For his birthday—he’d overheard some of the woodland soldiers joking and singing—Yeosang gifted Seonghwa a tin of overcooked peas, straining not to laugh. A few months later, Seonghwa repaid him with a hard crust of bread. It became as a tradition—a mug of water with a kernel of corn in it, a fish tail, two chestnuts burnt on the sides. They had skipped last year, being apart, and penned a flowery description of what they would have gotten instead. 

“You’re so nauseatingly in love,” San said, watching Yeosang peel a bowl of apples. “If you weren’t already married, I’d tell to. Ha.”

“If you’re nice, you might get a tart as well,” Yeosang intoned, not looking up. 

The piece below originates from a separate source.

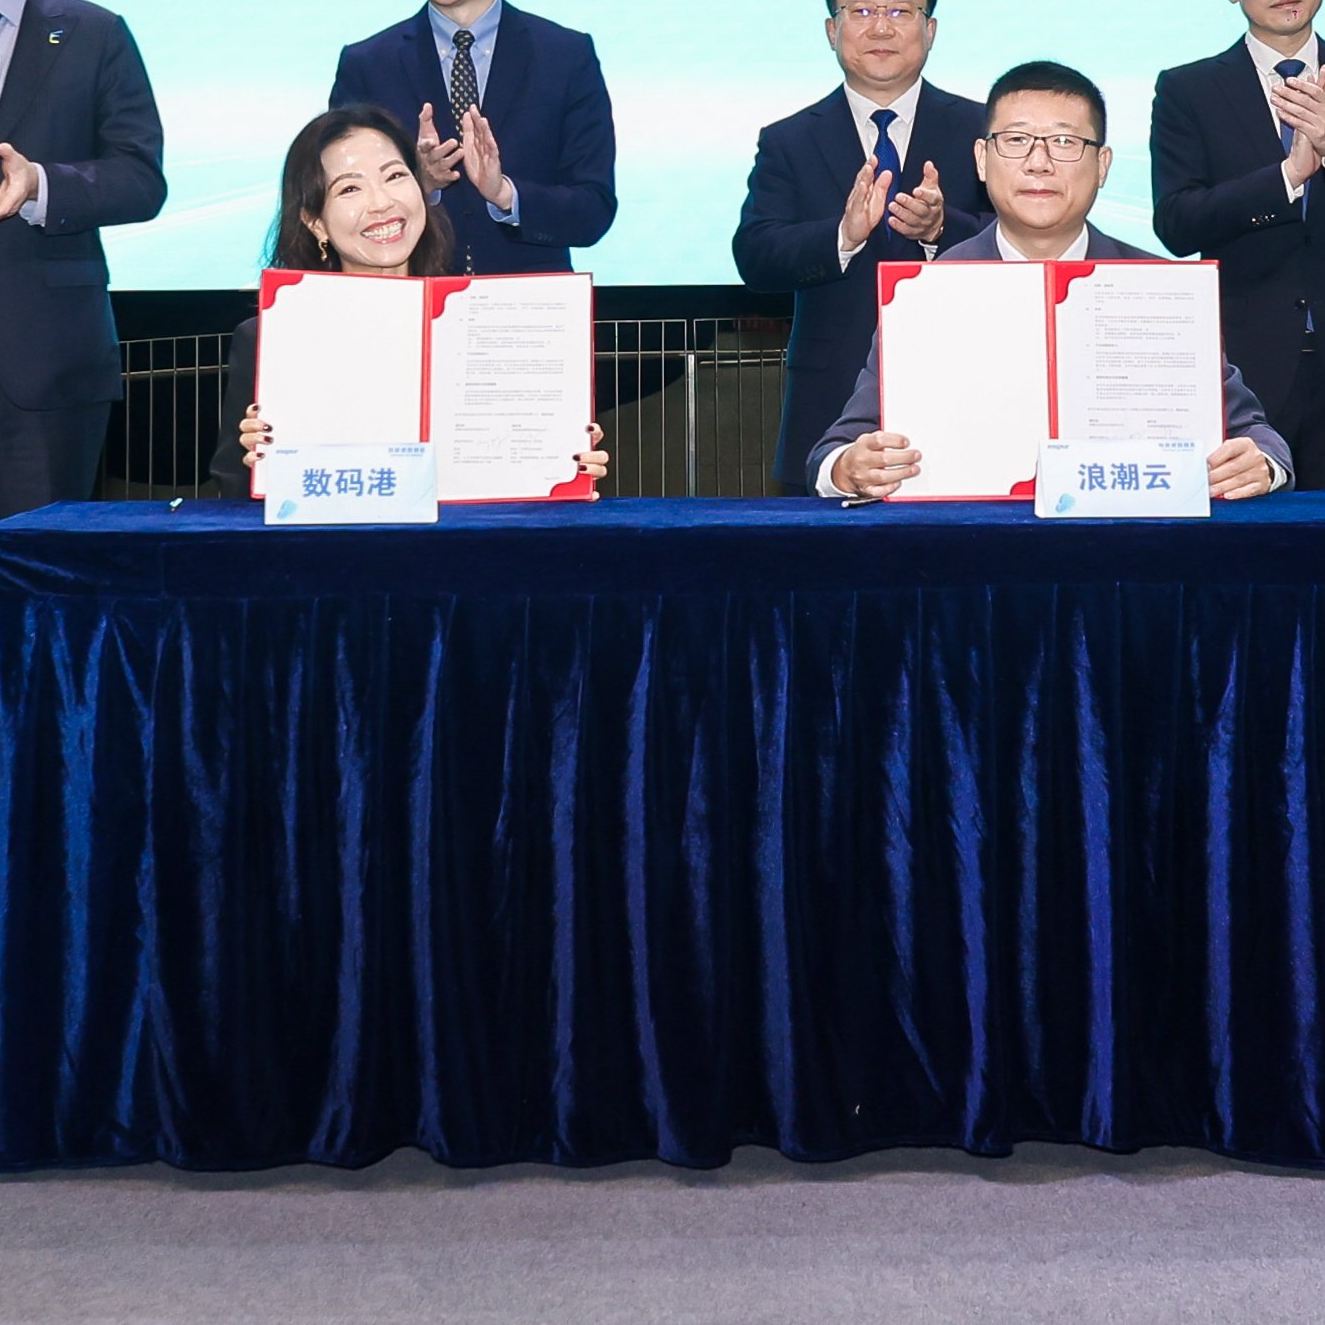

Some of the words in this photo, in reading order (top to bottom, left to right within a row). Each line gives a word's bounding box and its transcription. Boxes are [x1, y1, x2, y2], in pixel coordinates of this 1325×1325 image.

[302, 468, 397, 497] 数码港
[1077, 462, 1172, 491] 浪潮云

“Do I get one?” Wooyoung piped up from his corner. His own cutting board was disappearing beneath the piles of diced roots and flowers. 

“Of course.”

“I can hear the lie in that.”

Yeosang hummed to himself, ignoring Wooyoung’s plaintive whines. He checked that no one was out in the path to the tower and picked up the next apple, testing its firmness. He hoped he could catch Seonghwa this week—it was already several days late, his birthday having passed when they were apart on the road. Their faces had been twin mirrors of exhaustion last night, when they had finally met at home from grappling with floods at the river’s mouth and chasing a line of murders further inland. 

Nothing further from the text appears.